WORK REQUIRED » Go through the entries below and print each one exactly, leaving out pictures.

MATERIAL FOR THIS TASK »
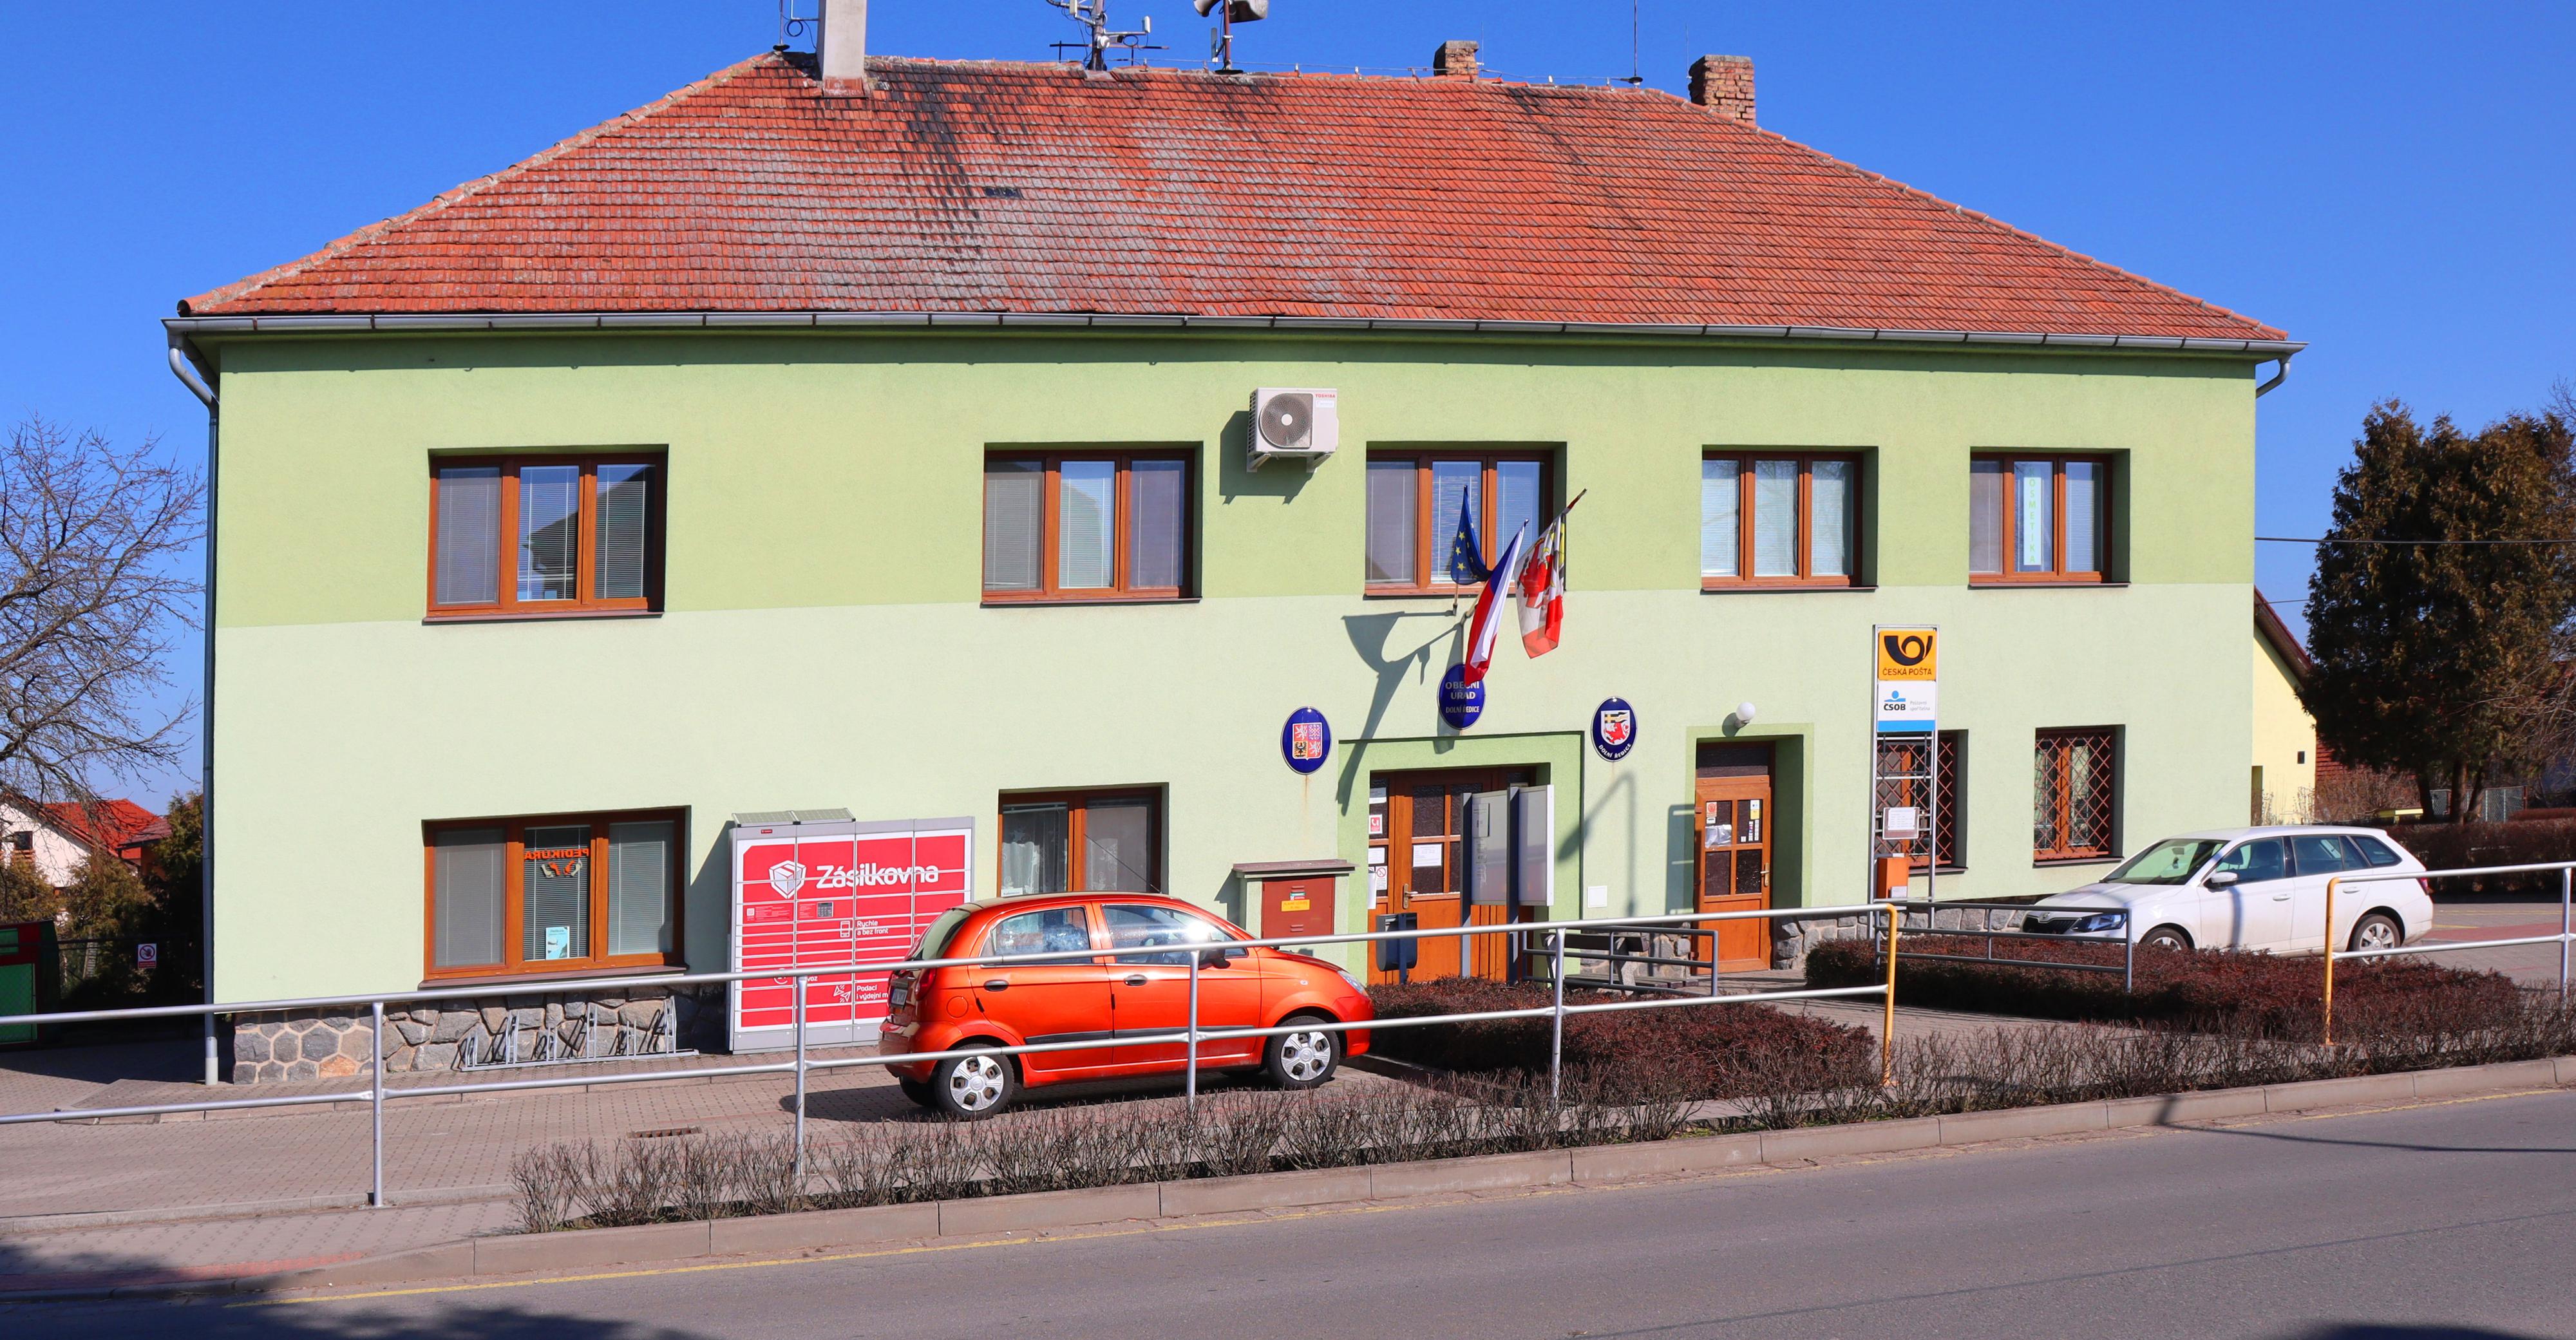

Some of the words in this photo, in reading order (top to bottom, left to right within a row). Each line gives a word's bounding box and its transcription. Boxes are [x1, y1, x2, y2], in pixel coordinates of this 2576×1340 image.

[1882, 667, 1907, 675] ČESKÁ
[1908, 667, 1932, 675] POŠTA
[1450, 690, 1476, 699] ÚŘAD
[1446, 704, 1463, 713] DOLNÍ
[1884, 703, 1906, 711] ČSOB
[1598, 744, 1613, 758] DOLNÍ
[1614, 742, 1631, 759] ŘEDICE
[816, 862, 938, 889] Zásilkovna
[859, 992, 882, 1001] výdejní
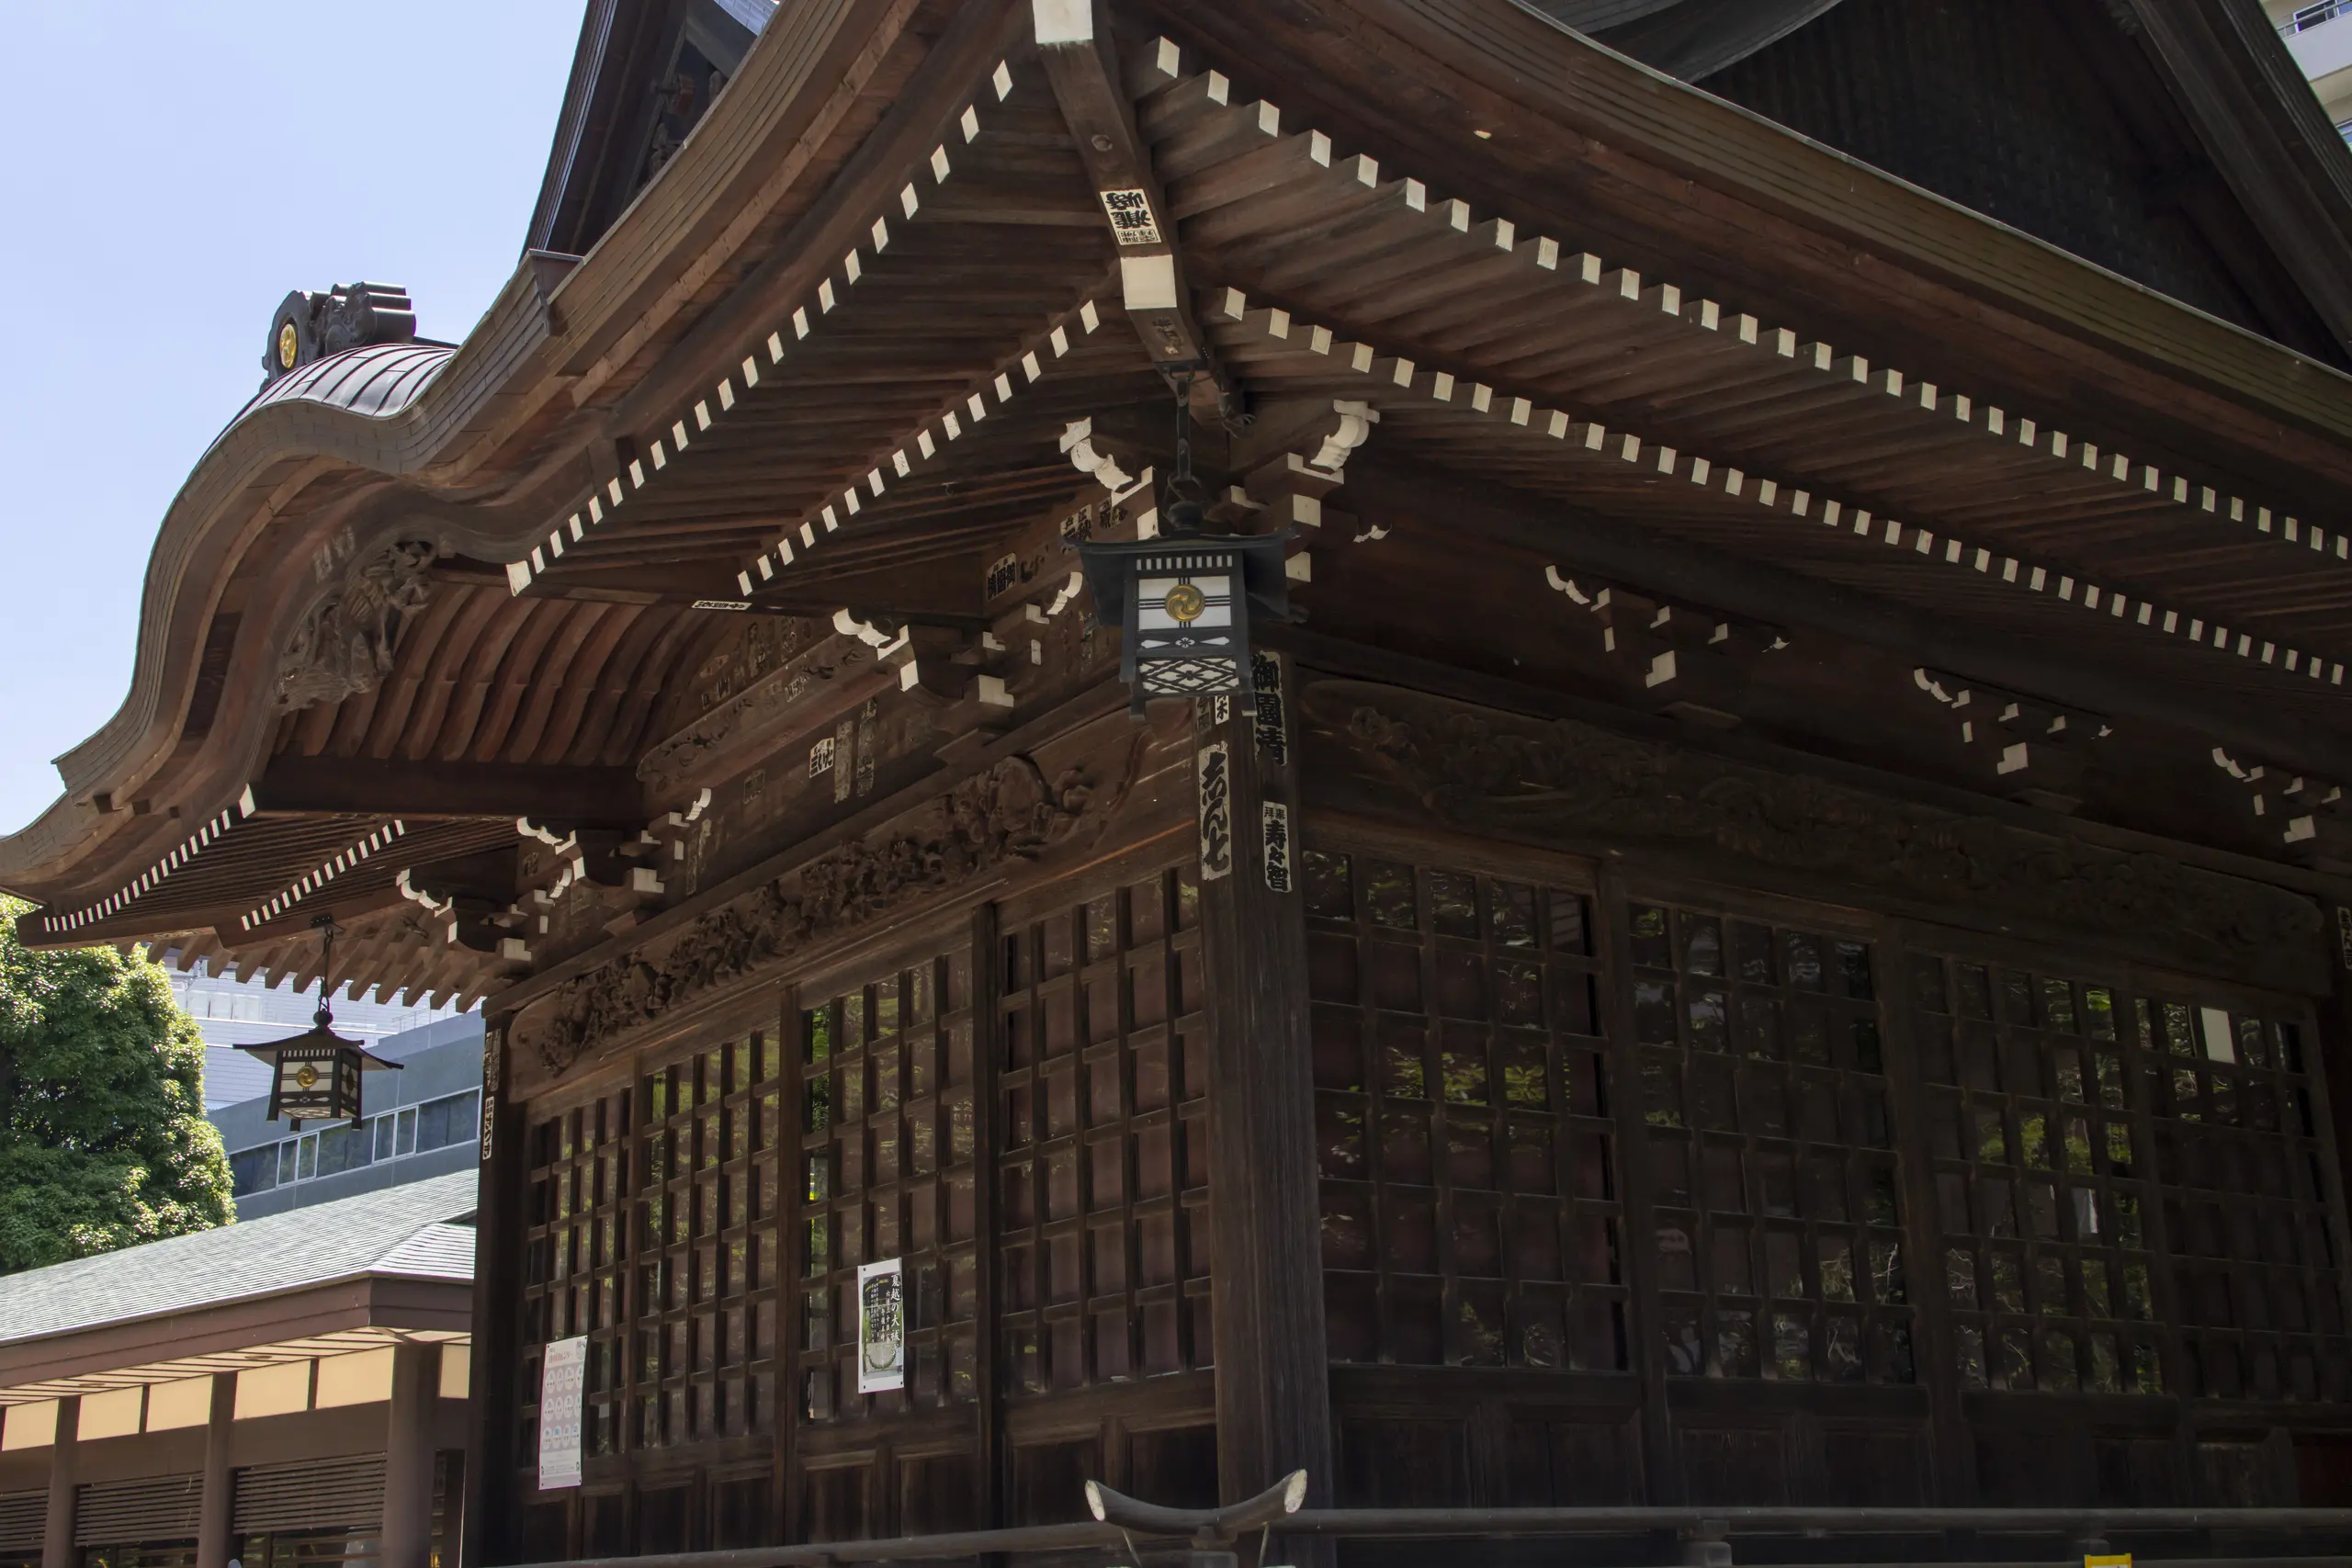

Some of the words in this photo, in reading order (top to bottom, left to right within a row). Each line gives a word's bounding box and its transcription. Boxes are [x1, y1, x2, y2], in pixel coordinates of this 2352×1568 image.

[1251, 654, 1287, 765] 御園清
[890, 1274, 900, 1357] 夏越の大祓式

RESPONSE TO THIS EXERCISE »
Some of the words in this photo, in reading order (top to bottom, left to right within a row). Each line gives a word's bounding box and its transcription. Boxes are [x1, y1, x2, y2], in pixel coordinates of this 2576×1340 image.

[1882, 667, 1907, 675] ČESKÁ
[1908, 667, 1932, 675] POŠTA
[1450, 690, 1476, 699] ÚŘAD
[1446, 704, 1463, 713] DOLNÍ
[1884, 703, 1906, 711] ČSOB
[1598, 744, 1613, 758] DOLNÍ
[1614, 742, 1631, 759] ŘEDICE
[816, 862, 938, 889] Zásilkovna
[859, 992, 882, 1001] výdejní

Some of the words in this photo, in reading order (top to bottom, left to right within a row). Each line gives a word's bounding box and its transcription. Boxes are [x1, y1, x2, y2], in pixel coordinates of this 2352×1568 image.

[1251, 654, 1287, 765] 御園清
[890, 1274, 900, 1357] 夏越の大祓式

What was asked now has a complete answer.